Subito dopo sono arrivate le prime reazioni dalla Russia. Dopo l’incontro con il Re di Giordania Abdullah II, Vladimir Putin ha dichiarato: “Nonostante l’accordo bilaterale stipulato per evitare incidenti del genere, la Turchia ha colpito un nostro aereo. La Russia si sente pugnalata alla schiena. I nostri aerei non rappresentavano un pericolo per la Turchia. Quest’azione avrà delle conseguenze molto serie nel rapporto tra i due paesi”.
Il Primo Ministro Ahmet Davutoglu invece ha difeso la decisione di abbattere l’aereo russo, specificando che l’esercito protegge i confini del paese. Davutoglu ha specificato che il governo difenderà sempre tutte le popolazioni represse dal governo siriano e da tutte le forze esterne presenti in Siria. Successivamente anche il presidente della Repubblica si è unito alle dichiarazioni del Primo Ministro.
Anche Jens Stoltenberg, Segretario Generale della Nato, si è pronunciato sull’accaduto: “Le dichiarazioni della Turchia corrispondono a quello che abbiamo osservato anche noi. L’obiettivo della Russia deve essere combattere contro l’ISIS ma a quanto vediamo non è così. Lavoreremo perché non ci siano altre conseguenze negative”.
In una riunione congiunta il Presidente statunitense Barack Obama e il suo collega francese François Hollande hanno specificato che la Turchia ha usato il suo diritto all’autodifesa e definito molto spiacevole l’accaduto, specificando che lavoreranno per ristabilire la situazione.
Nelle ore successive dalla Russia è arrivata un’altra dichiarazione. Il Ministro degli Esteri Sergey Lavrov ha annullato la sua visita in Turchia e ha invitato i cittadini a non visitare il paese, considerando l’alto rischio di attacchi terroristici. Secondo la notizia diffusa da Cnn Turk, la Natalie Tours, una delle maggiori agenzie russe a operare in Turchia, ha annullato temporaneamente la vendita dei viaggi. Dopo la caduta dell’aereo russo la Borsa di Istanbul ha subito un calo del 4,3%. Secondo l’agenzia di notizie Sputnik, il Ministro dell’Energia russo Anatoly Yanovsky ha specificato che la fornitura del gas verso la Turchia non subirà interruzioni nonostante quello che è accaduto.
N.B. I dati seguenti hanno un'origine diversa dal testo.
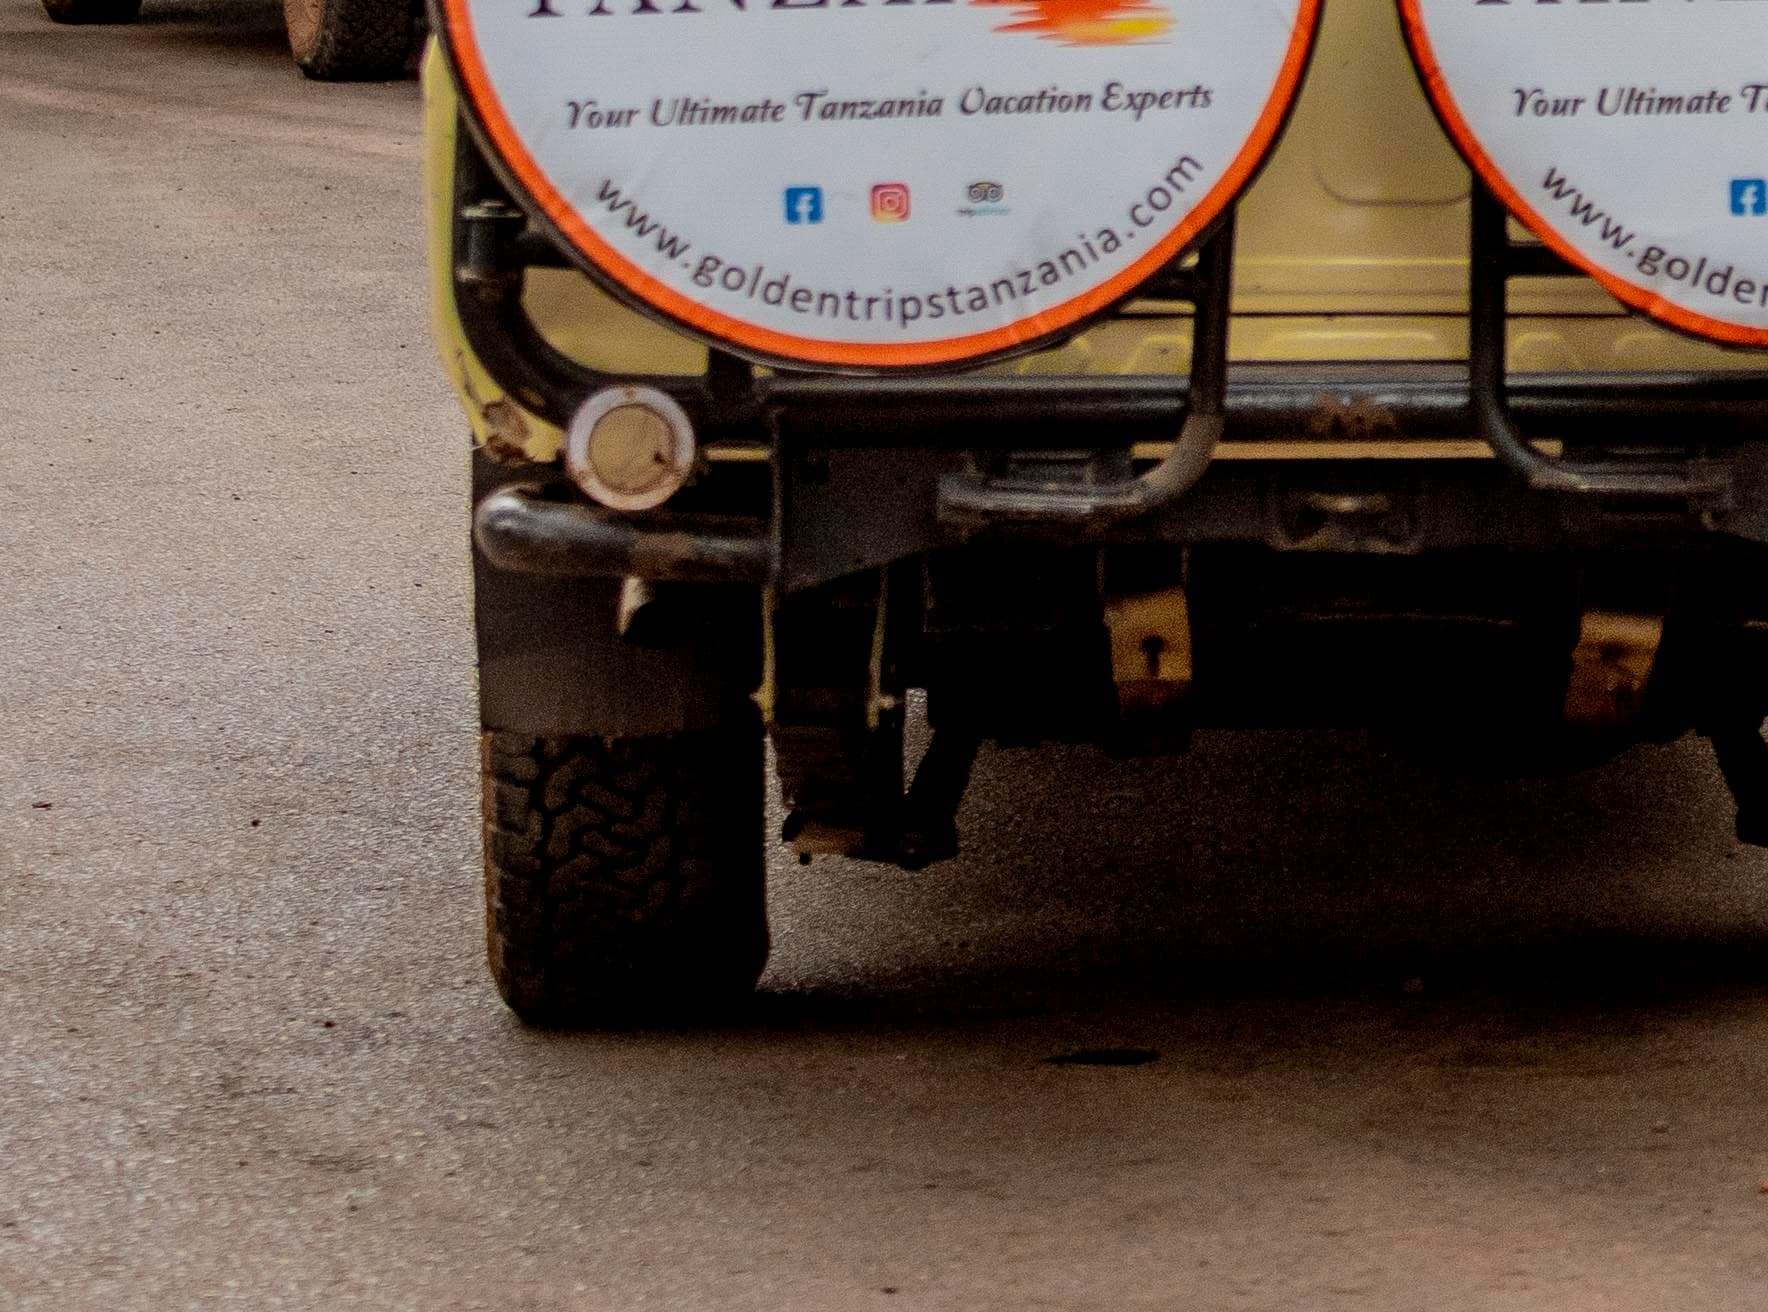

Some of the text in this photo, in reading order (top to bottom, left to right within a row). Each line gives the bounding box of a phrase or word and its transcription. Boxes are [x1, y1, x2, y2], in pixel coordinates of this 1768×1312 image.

[566, 81, 1214, 130] Your Ultimate Tanzania Vacation Experts
[1513, 87, 1586, 118] Your
[1597, 86, 1733, 117] Ultimate
[595, 152, 1204, 329] www.goldentripstanzania.com
Questo è un periodo importante per la Turchia: c’è di nuovo un governo monocolore e gli scontri tra la polizia, l’esercito ed i militanti del PKK nel Kurdistan settentrionale ormai fanno parte della quotidianità. Dopo più di due anni di guerra in Siria, la Turchia ormai è coinvolta palesemente nel gioco. La presenza dell’ISIS, la sua capacità organizzativa e le sue azioni sono sempre più forti nel paese. La lista di organizzazioni armate che partecipano alla resistenza in Rojava è sempre più lunga e ogni giorno qualche cittadino turco perde la vita durante gli scontri con l’ISIS nel nord della Siria. Infine l’ipotesi di un intervento militare via terra della Turchia in Siria ormai non è più un tabù. ma un tema che viene discusso apertamente.
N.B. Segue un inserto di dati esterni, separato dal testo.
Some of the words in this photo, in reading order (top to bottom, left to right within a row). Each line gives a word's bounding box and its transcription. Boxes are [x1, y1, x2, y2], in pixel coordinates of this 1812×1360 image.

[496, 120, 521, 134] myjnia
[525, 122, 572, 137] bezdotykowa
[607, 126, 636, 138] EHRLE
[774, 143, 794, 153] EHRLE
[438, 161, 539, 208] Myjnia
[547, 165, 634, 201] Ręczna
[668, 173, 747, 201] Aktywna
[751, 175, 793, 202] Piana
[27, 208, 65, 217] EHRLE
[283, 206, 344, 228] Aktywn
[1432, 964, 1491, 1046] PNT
Il 10 novembre Numan Kurtulus, portavoce del Primo Ministro ha infatti dichiarato: “Potremmo pensare a un intervento nell’ambito di un’operazione collettiva e internazionale. Non è stata presa ancora una decisione, ma stiamo discutendo tutte le possibilità”. E Feridun Sinirlioğlu, il Ministro degli Esteri, durante la sua visita a Erbil il 4 novembre aveva specificato che il governo sta lavorando a un piano d’azione militare contro l’ISIS in Siria. Il 9 novembre in un’intervista rilasciata alla CNN International il Primo Ministro Ahmet Davutoglu aveva specificato che la Turchia era pronta a prendere ogni tipo di provvedimento all’interno di un progetto comune tra gli alleati, come quello di un intervento via terra in Siria.